Everything Smart About Smart Pointers — Part 1 : Motivation

Gagan Saini
The Startup
Published in
3 min readSep 25, 2020

What’s wrong with the regular not-so-smart pointers?

How do we use regular pointers in C++?

  • We store the address of a local variable in a pointer variable and then manipulate the variable through that pointer.
  • Or we allocate some memory on heap using ‘new’ and store the address of that memory in some pointer variable. Then we refer to this memory location through this pointer variable. And when we no longer need it, we free the memory using ‘delete’.

Sounds simple. What can go wrong with this approach. Let’s look at the following example:

void f()
{
ClassA* ptr = new ClassA; // create an object explicitly
… // perform some operations
delete ptr; // clean up (destroy the object explicitly)
}
  • What if there is a return statement before the ptr deletion is happening
  • An exception might occur in the code before the delete statement. Such an exception would exit the function immediately, without executing the delete statement at the end of the function. Obviously, we can use try catch block here. But that might make the code complicated and redundant in some cases.

These situations lead to memory leaks — where we are unable to free the memory which is no longer needed by our program.

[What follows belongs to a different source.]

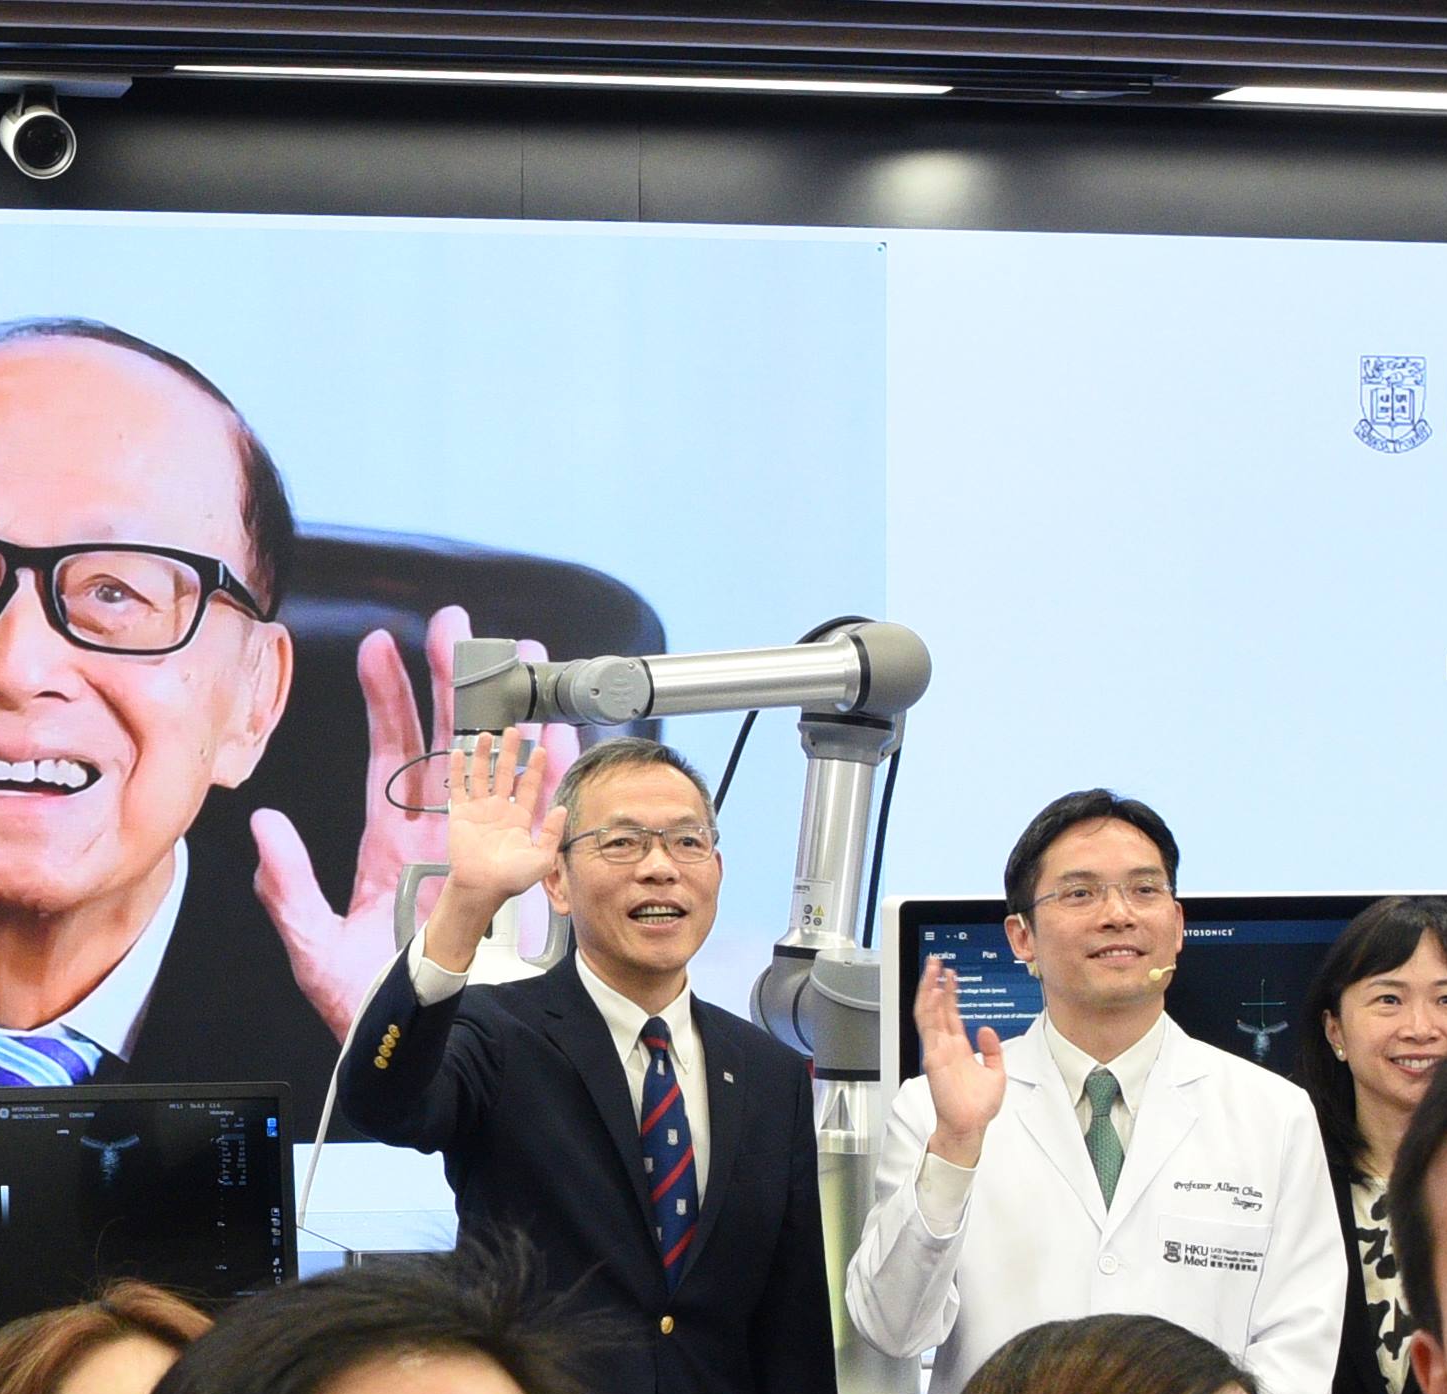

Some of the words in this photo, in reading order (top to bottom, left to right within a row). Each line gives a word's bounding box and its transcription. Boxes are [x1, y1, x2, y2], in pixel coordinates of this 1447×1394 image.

Other inherent problems with raw pointers are:

Who owns the memory?

We have a pointer variable. What do we do after this variable goes out of scope. Do we deallocate the memory pointed to by it. What if there are more copies of it. What if we delete it and other parts of the program still need this memory, they will get memory related errors (segmentation faults to be specific) if they try to access the deleted memory.

In other words, we have no means to tell if a pointer variable owns the memory or if it’s just a copy of the another pointer which is declared elsewhere.

vector<Employee *> employees;
void createAndAddEmployee(string name)
{
Employee *emp = new Employee(name);
employees.push_back(emp);
//other operations....
//...
//emp pointer variable going out of scope on function exit
//do we delete the memory pointed to by it????
}

In the above example, we don’t want to deallocate the memory as the owner of this memory is the employees vector.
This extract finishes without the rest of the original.